The river had been the lifeblood of the Akimel O’odham for thousands of years. They were not only unable to grow their own crops, but also lost their main source of protein. 

“My grandmother told me she remembered her father and uncles fishing. I asked her where they were getting fish, and she said the river,” says Preston. “I grew up with there never being a river. It’s been sand my whole life.” 

With the tribe on the brink of starvation, the federal government finally intervened, providing military-style rations. But the cheese and oil-heavy food was unfamiliar to the Akimel O’odham, and decidedly less healthy. 

“The next generation started to believe these were our traditional foods—the fried foods,” says Preston. “They took something that was our heritage, that was healthy, and gave us something that was not.” The health ramifications are still being felt today. 

For Preston, the impact of the dam was not just economic, but sociological. “Every culture revolves around food. When you take that food away, you take that sense of family and belonging—those family gatherings. That shifted when our food was taken away,” says Preston. “You changed the family dynamics. Imagine years of not being able to eat and enjoy meals together. You’re just trying to survive. It really devastates that core family for generations after. Now we’re trying to reconvene as families.”

Today, the Akimel O’odham/Pee-Posh Youth Council is working to reintroduce traditional cooking—especially the nutrient-rich tepary beans. Last year, the council began offering virtual cooking classes for tribal youth. They mailed packages of ingredients to participants, who had to ask an adult relative to supervise the cooking. 

“We’re able to talk to the families. It’s great because people will say, ‘my grandparents used to eat this,’” says Preston. 

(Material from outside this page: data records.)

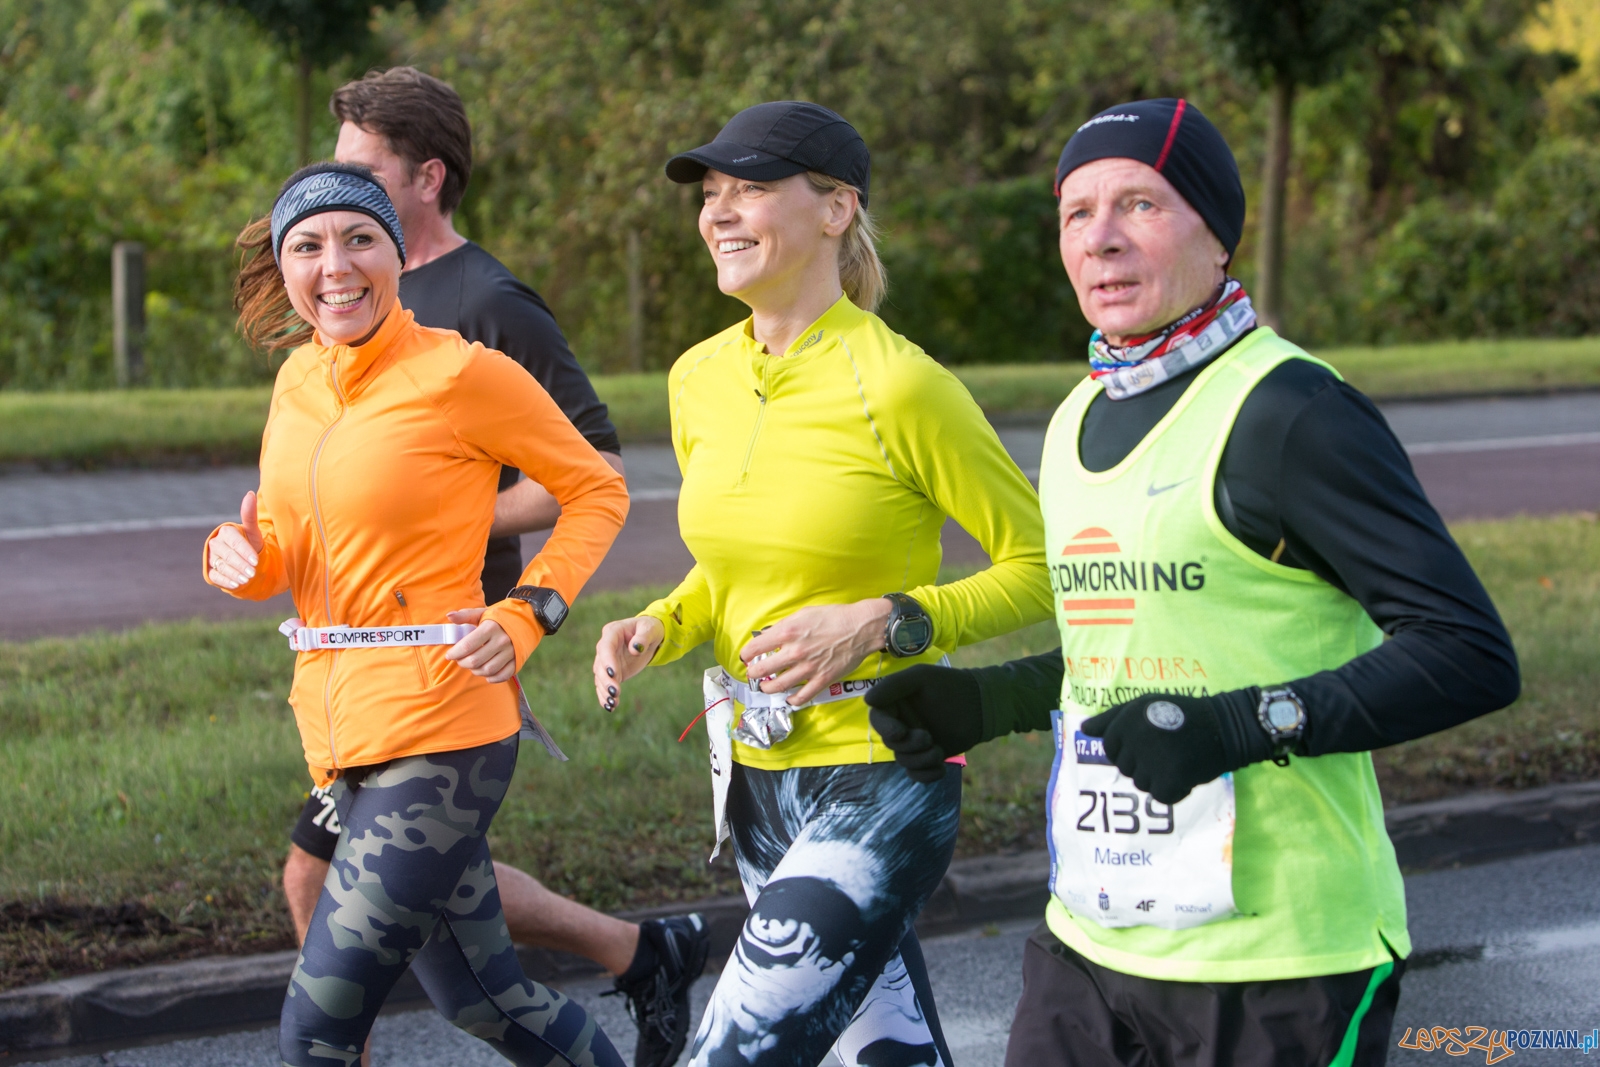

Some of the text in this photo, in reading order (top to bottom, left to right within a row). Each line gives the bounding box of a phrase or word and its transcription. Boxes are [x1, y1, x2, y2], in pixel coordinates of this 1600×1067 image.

[312, 178, 341, 189] RUN
[1050, 561, 1205, 593] ODMORNING
[1124, 656, 1208, 681] DOBRA
[1075, 739, 1090, 756] 17.
[1076, 790, 1175, 835] 2139
[1094, 847, 1153, 866] Marek

In 2004, the tribe won a landmark court case which ruled they were deprived of their water rights and were subsequently ordered restitution. With access to water restored, agriculture in the Gila River Indian Community is on the rise. 

“İt’s had a huge impact. It’s helped us focus again on farming. The community farms as a whole, and

we’ve been better able to support our individual farmers with water for their crops,” says Preston. 

“This was ours. It’s part of who we are. It’s really us as O’odham people,” he continues. “We want to make sure we reclaim what was ours.”